New International Temperature Scale
Journal Archive
New International Temperature Scale
United Kingdom to Adopt its – 90
The Department of Trade and Industry has announced through its national standards organisation, the National Physical Laboratory (NPL), that it will adopt a new International Temperature Scale as from 1st January, 1990. It will be known as ITS–90, as previously reported in this journal (1). This decision embraces international changes agreed by the Metre Convention, the body concerned with measurement standards world-wide. The changes to values of certain physical phenomena, for example the freezing point of some metals, are of the order of a few tenths of a degree.
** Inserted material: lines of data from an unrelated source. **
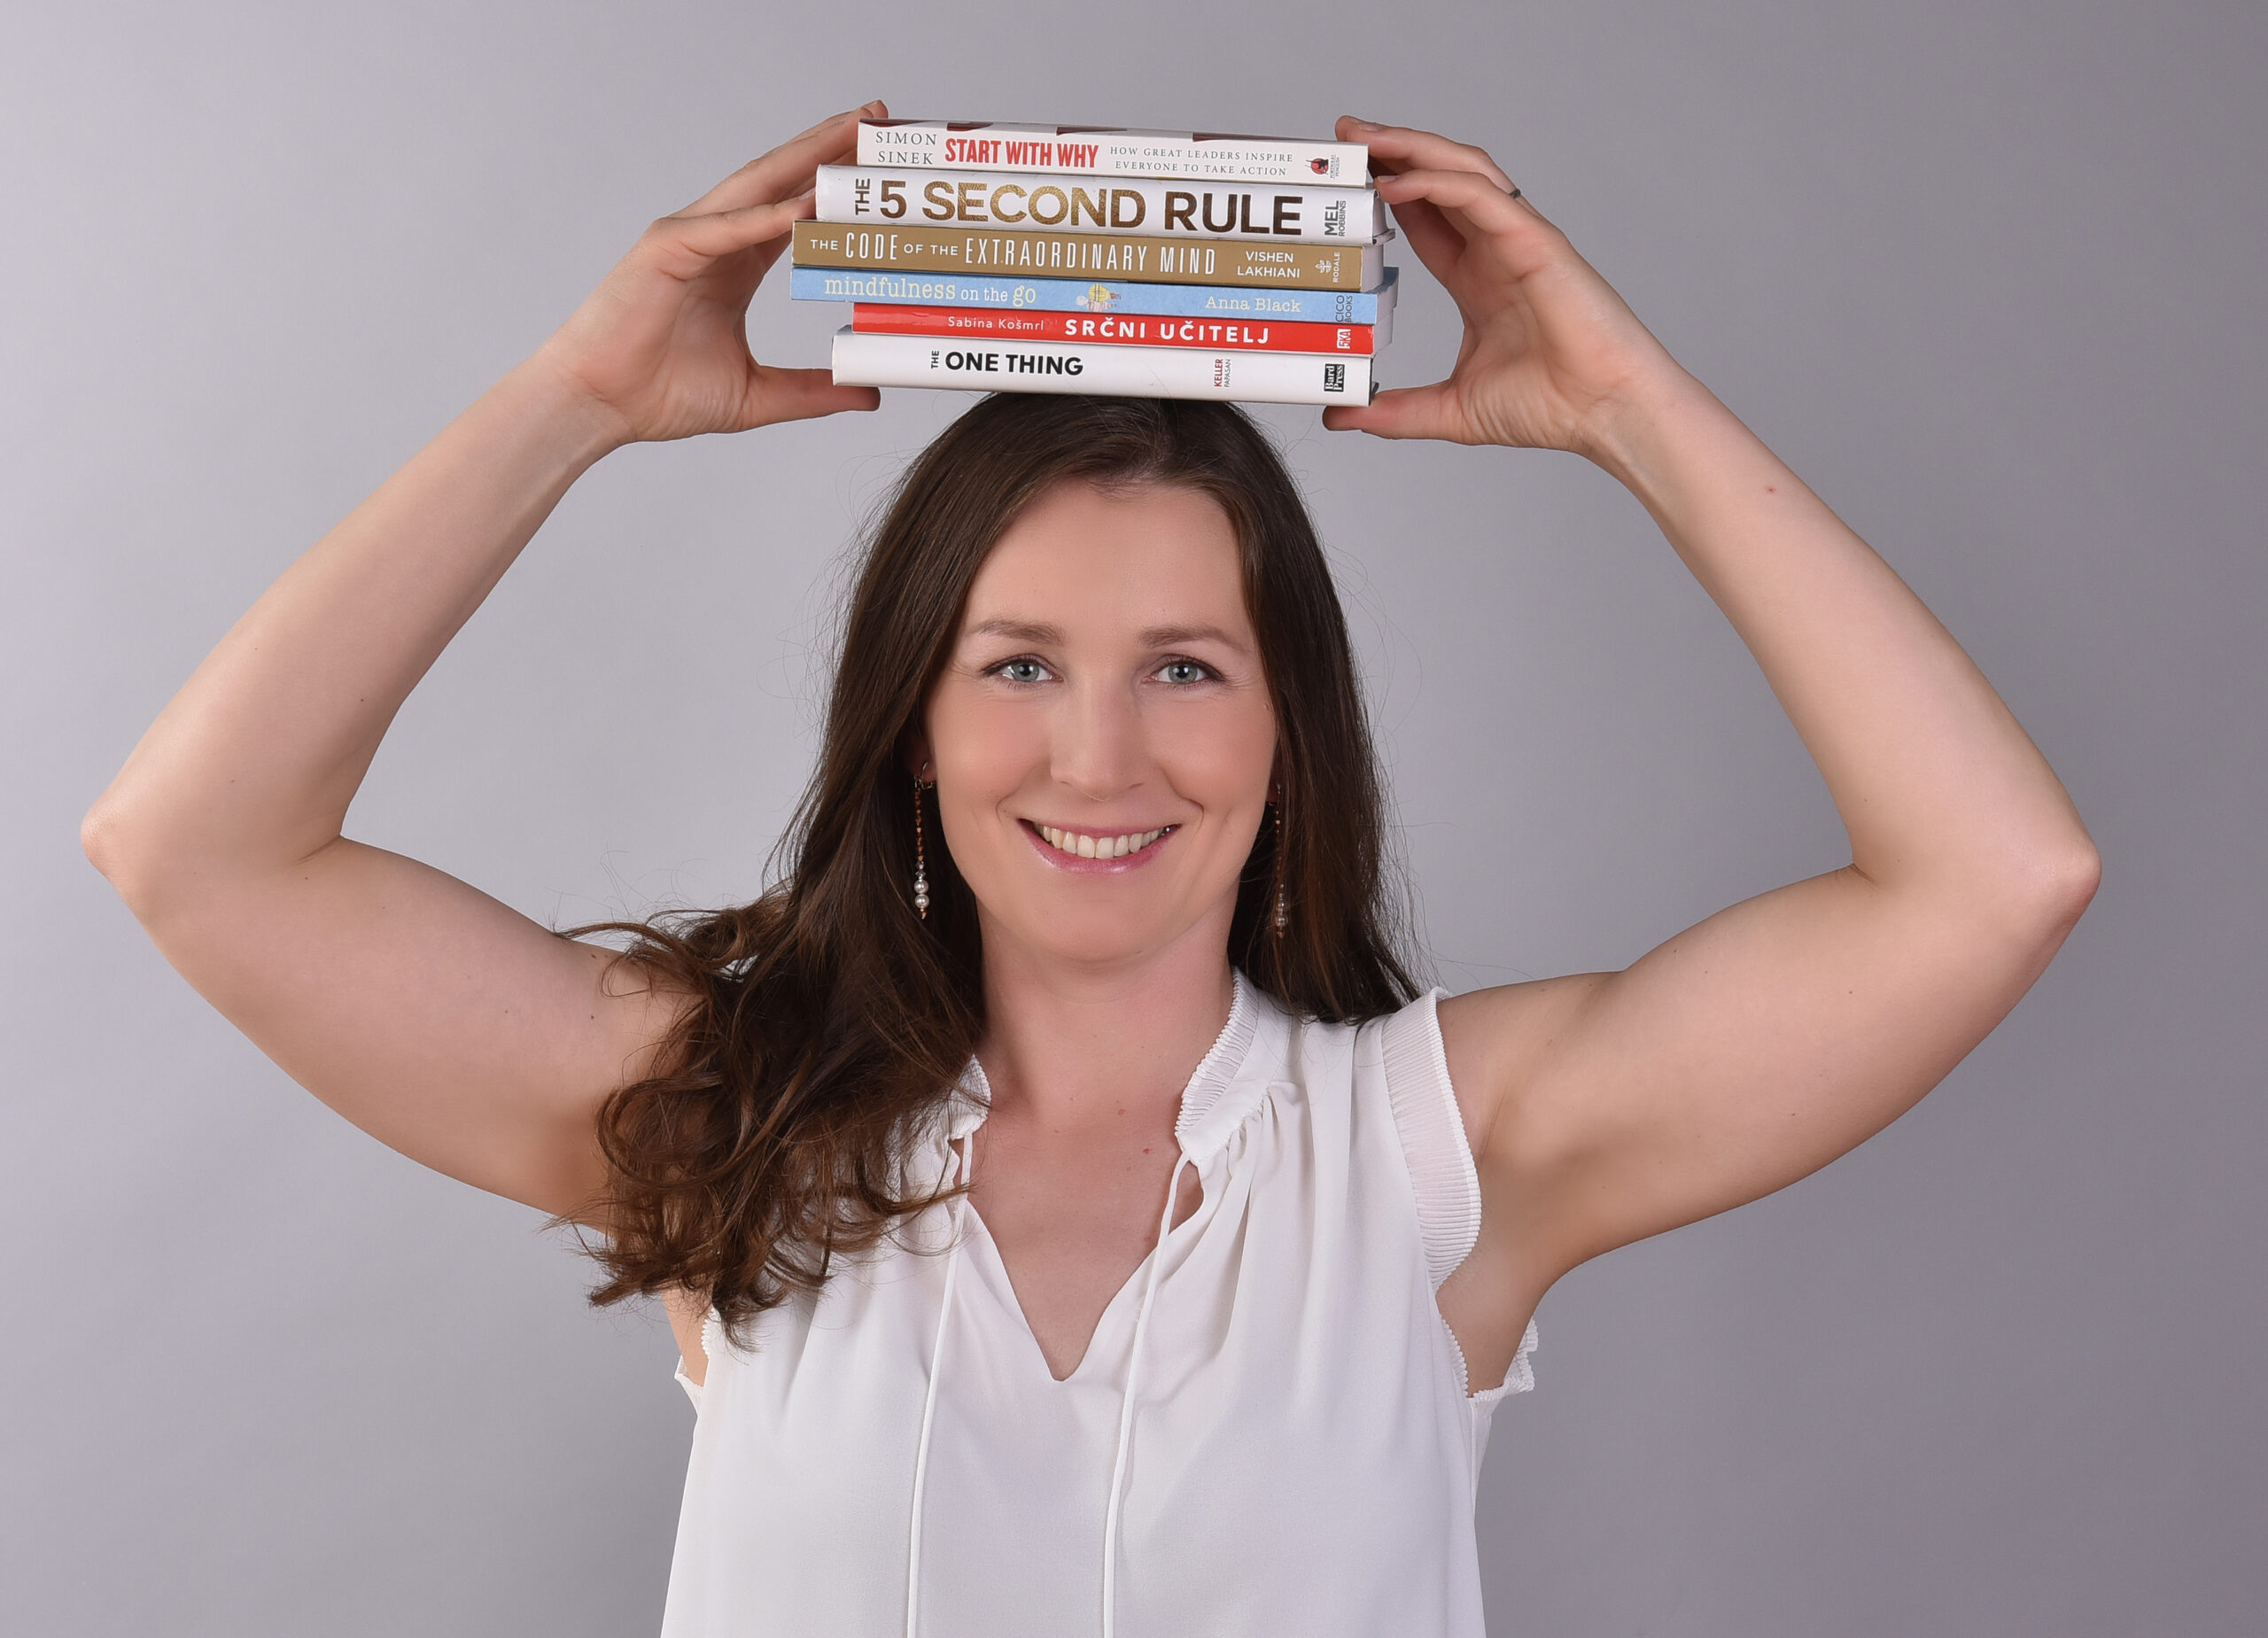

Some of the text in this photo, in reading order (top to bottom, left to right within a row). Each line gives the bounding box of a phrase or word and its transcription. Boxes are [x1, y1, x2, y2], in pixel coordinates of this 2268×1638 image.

[875, 131, 936, 145] SIMON
[877, 151, 934, 165] SINEK
[944, 138, 1099, 167] START WITH WHY
[1110, 146, 1293, 162] HOW GREAT LEADERS INSPIRE
[1115, 160, 1286, 176] EVERYONE TO TAKE ACTION
[855, 178, 1303, 235] THE 5 SECOND RULE
[1324, 200, 1339, 236] MEL
[811, 232, 1216, 275] THE CODE OF THE EXTRAORDINARY MIND
[1246, 251, 1293, 263] VISHEN
[1238, 266, 1301, 278] LAKHIANI
[825, 276, 1037, 307] mindfulness on the go
[1205, 296, 1301, 313] Anna Black
[1335, 295, 1345, 322] CICO
[948, 315, 1045, 330] Sabina Košmrl
[1065, 316, 1269, 344] SRČNI UČITELJ
[930, 350, 1084, 376] THE ONE THING
[1214, 358, 1223, 387] KELLER
[1325, 365, 1335, 390] Bard
[1333, 365, 1344, 391] Press
Possibly this order of change is not large enough to concern many people dealing with everyday temperature measurements, but it is of significance to those working at high levels of accuracy.
There has been considerable scientific activity in thermometry over the last twenty years following the introduction of the IPTS–68, resulting in a much more comprehensive knowledge of the departure of the scale from thermodynamic temperatures. An example of such work has been reported here recently (2). There have also been significant advances in the techniques of practical temperature measurement and instrumentation, allowing a more precise scale to be defined and exploited.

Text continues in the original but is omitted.